S0 decade ago, Fadel founded the MIT Enterprise Forum for the Pan-Arab Region, one of the 28 worldwide chapters of the university’s global network for entrepreneurship and innovation. The Middle Eastern arm organizes the annual MIT Arab Startup Competition, whose winners will be announced at the end of this month. This year, the contest received over 5,000 applications.

The competition offers applicants three different tracks. The startup track is aimed at established companies looking to expand, and awards a $50,000 first-place prize. The ideas track targets those who have yet to build a team and garner sales, and awards $15,000. The social entrepreneurship track provides three $10,000 prizes to for-profit businesses that have strong social impact.

Paradoxically, Fadel explains the plethora of problems plaguing the Arab world have served as creative fodder for regional entrepreneurs, many of whom have the professional and educational training needed to address the region’s most flawed sectors. From the need for Arabic-language content online, to better health care access and innovation in digital payment methods, there is no shortage of problems for entrepreneurs to solve.

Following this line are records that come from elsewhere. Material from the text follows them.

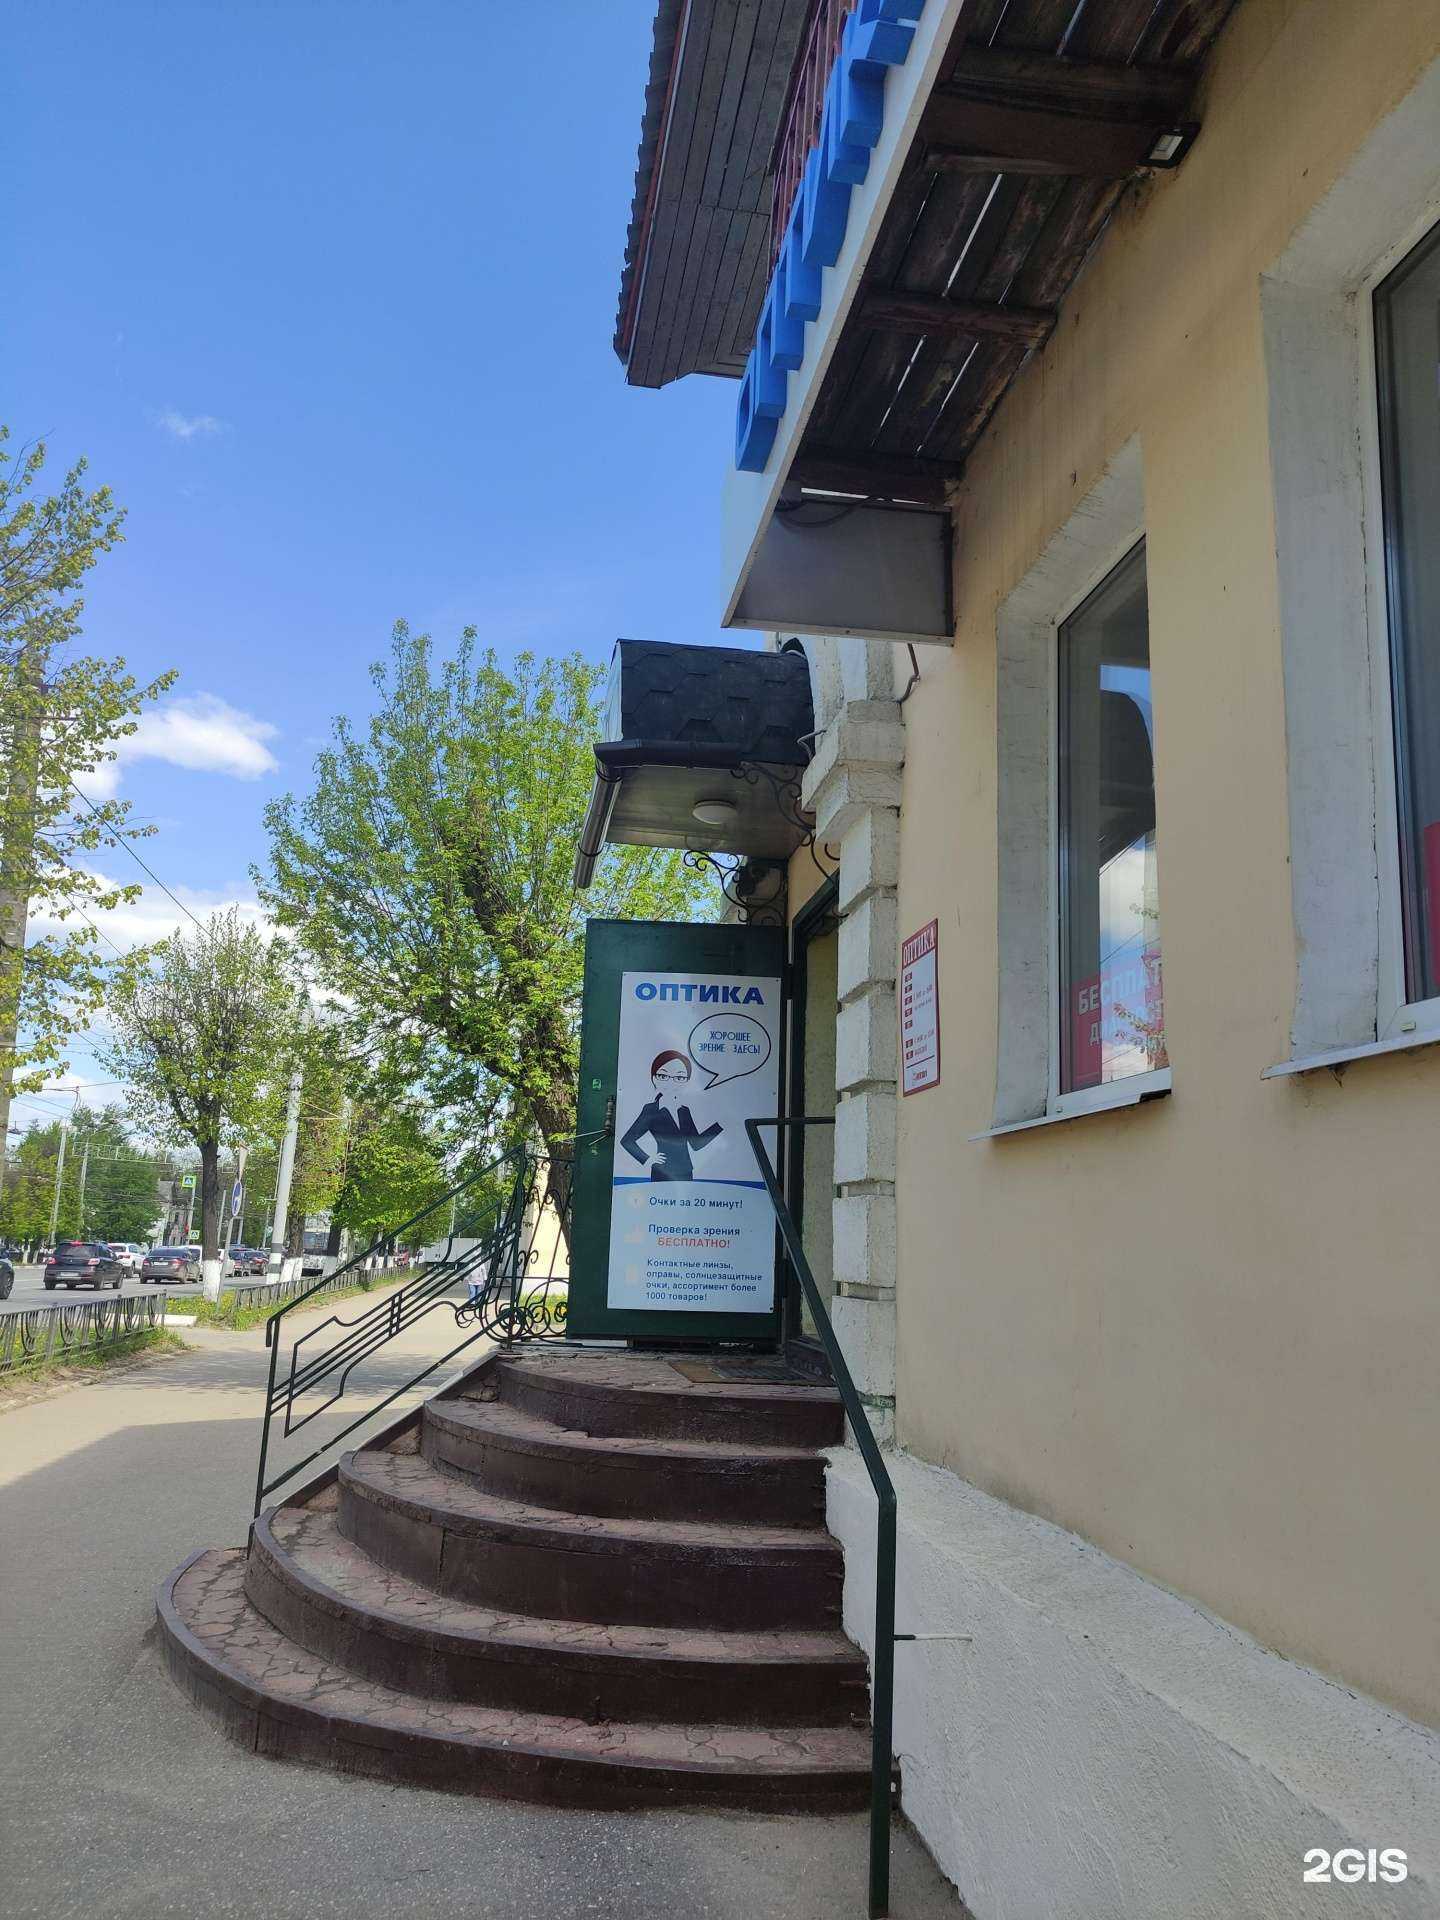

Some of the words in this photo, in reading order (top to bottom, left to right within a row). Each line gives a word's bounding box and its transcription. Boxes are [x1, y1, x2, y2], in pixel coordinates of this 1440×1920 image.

[735, 0, 926, 474] ОПТИК
[903, 926, 936, 966] ОПТИКА
[635, 982, 765, 1006] ОПТИКА
[710, 1030, 752, 1042] ХОРОШЕЕ
[698, 1042, 726, 1053] ЗРЕНИЕ
[733, 1043, 761, 1055] ЗДЕСЬ!
[649, 1196, 676, 1207] Очки
[679, 1199, 691, 1207] за
[694, 1198, 706, 1208] 20
[708, 1199, 743, 1210] минут!
[648, 1224, 700, 1236] Проверка
[703, 1227, 740, 1237] зрения
[657, 1237, 731, 1249] БЕСПЛАТНО!
[647, 1258, 701, 1269] Контактные
[702, 1261, 734, 1270] линзы,
[646, 1270, 683, 1280] оправы,
[685, 1272, 763, 1281] солнцезащитные
[646, 1282, 670, 1291] очки,
[672, 1284, 729, 1294] ассортимент
[730, 1283, 757, 1293] более
[646, 1292, 666, 1301] 1000
[668, 1293, 708, 1303] товаров!

Last year’s winner in the startup track, for example, was SudaMed, a medical software company founded in 2011 by Mazin Mohammed Khalil, a young hospital executive in Sudan who was disturbed by the scarcity of clinics in his country, where many have to walk long distances by foot in search of medical aid.

Khalil built an online medical directory that lists hospitals, clinics, and other medical institutions, along with their locations and hours of operation. Khalil also offered SudaMed users a $30 discount card that would give them access to half-priced treatments at SudaMed-registered clinics if they paid in cash, helping doctors who were having difficulty securing timely payments from insurance companies. Fadel said most of Sudan’s doctors have now joined the platform.

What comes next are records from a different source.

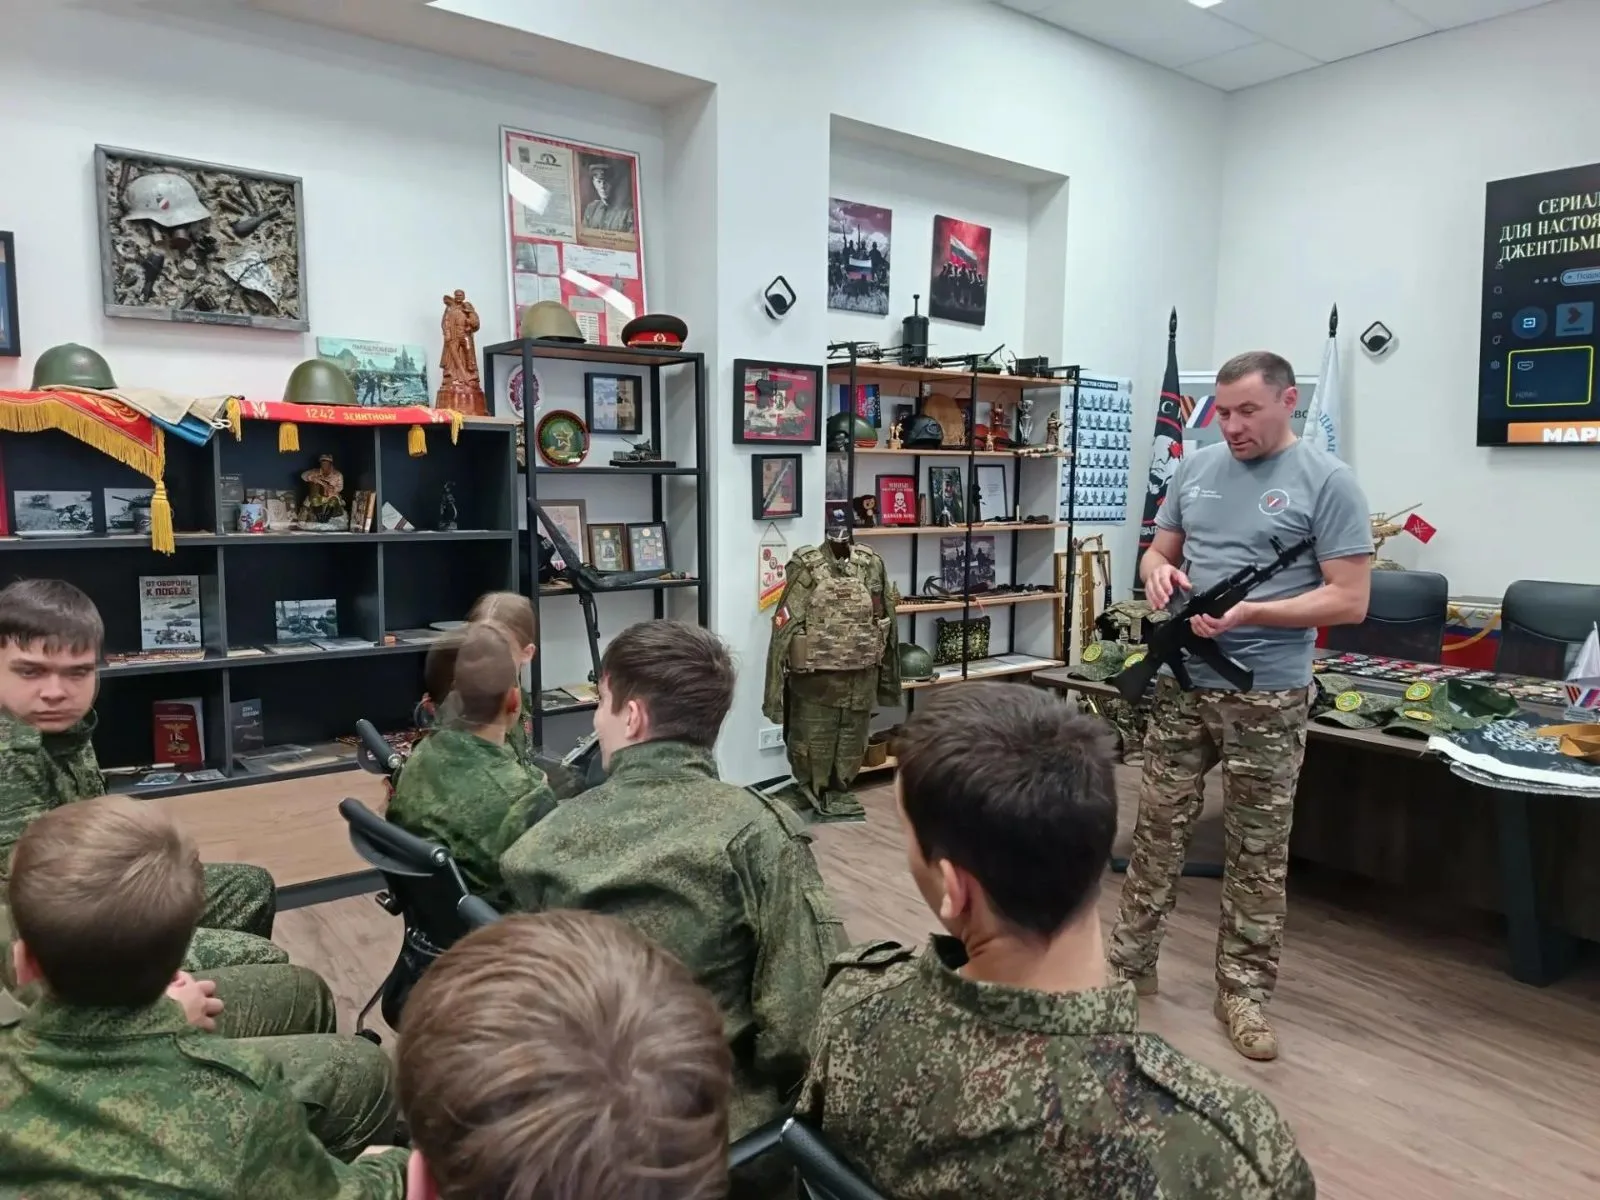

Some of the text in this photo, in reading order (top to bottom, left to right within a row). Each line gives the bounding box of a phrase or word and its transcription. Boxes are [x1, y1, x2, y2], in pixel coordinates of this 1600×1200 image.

[1499, 222, 1532, 243] ДЛЯ
[305, 408, 397, 421] 1242 ЗЕНИТНОМУ
[1543, 427, 1600, 442] МАР
[156, 579, 192, 587] ОБОРОНЫ
[146, 587, 192, 596] К ПОБЕДЕ
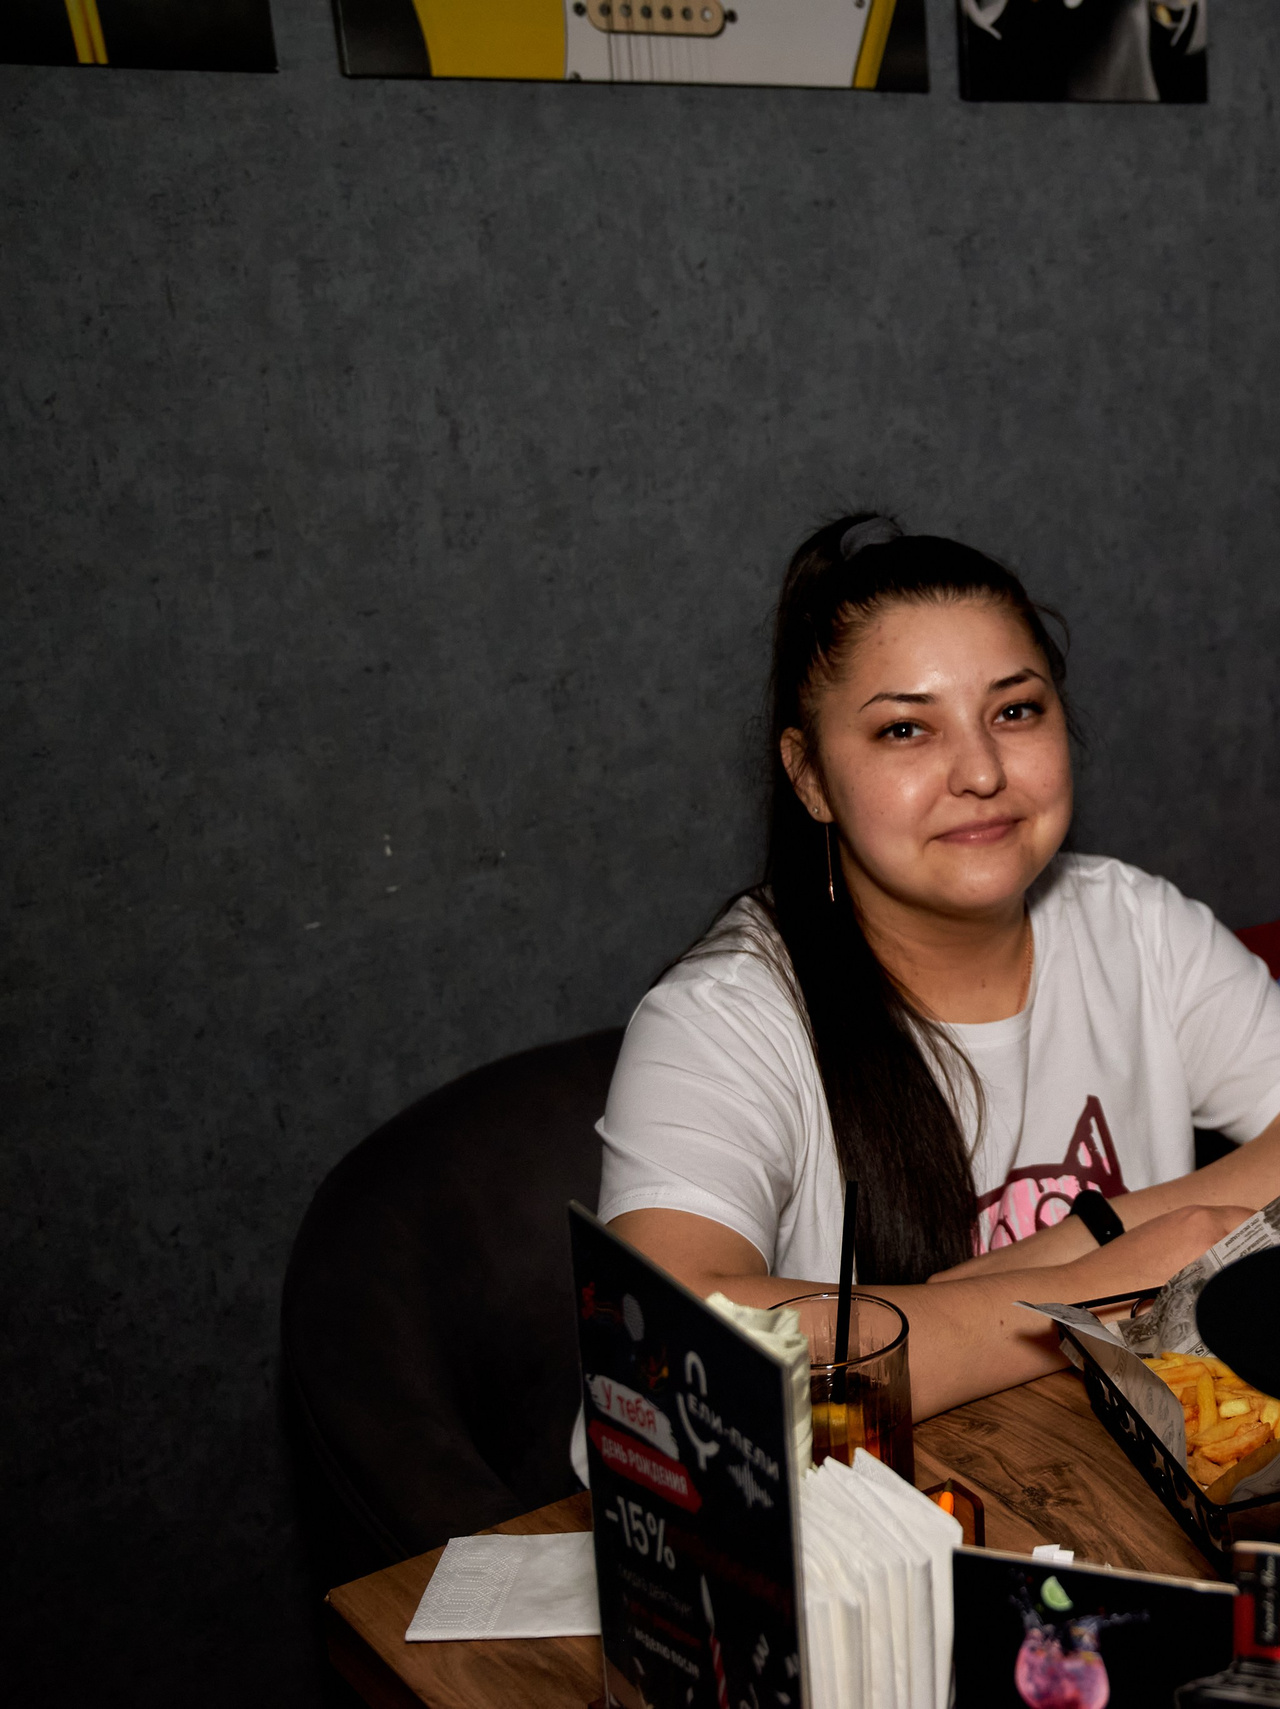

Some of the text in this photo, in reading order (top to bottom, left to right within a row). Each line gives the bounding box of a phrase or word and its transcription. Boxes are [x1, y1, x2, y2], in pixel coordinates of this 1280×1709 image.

[618, 1395, 657, 1432] тебя
[601, 1436, 688, 1495] ДЕНЬ РОЖДЕНИЯ
[604, 1495, 676, 1571] -15%

Similarly, the winning project at ArabNet’s Startup Demo competition this year was, an online health directory from Egypt that offers patients access to doctors’ resumes, plus the ability to request a house call, rate doctors, and relay locations to emergency dispatch units.

“Nobody understands a patient’s needs better than a physician,” said one of Otlob’s founders, Ashraf Fakhry Elfikry, himself a doctor. “The boundaries for online medical services are untapped and virtually limitless in Egypt’s $14 billion market. Internet penetration is 48 percent. That’s 43 million users. Egypt’s workforce is the largest in the Arab world, with three doctors per patient.”

Fadel has set up shop in Lebanon’s up-and-coming Digital District, a 10-year initiative aimed at building about 10 modern high-rises with subsidized wifi and fiber optic cables, creating a hub for training tech-based startups.

It was hard, however, not to notice the poverty enveloping the handful of new, voguish buildings in Khandaq al-Ghamiq, an otherwise decrepit neighborhood. It was also difficult to ignore the fact that the Lebanese are perpetually frustrated by one of the world’s slowest Internet connections.

Fadel admits that inadequate infrastructure and funding continue to obstruct entrepreneurial development. While investors made public mention of some hefty numbers at ArabNet, and government officials promised ambitious reforms, strategies, and roadmaps, it’s unclear whether the region has what it takes to make the most of its youthful residents’ obvious entrepreneurial potential.

Fadel remains optimistic. “It will take less time than you think for this region to change,” she said.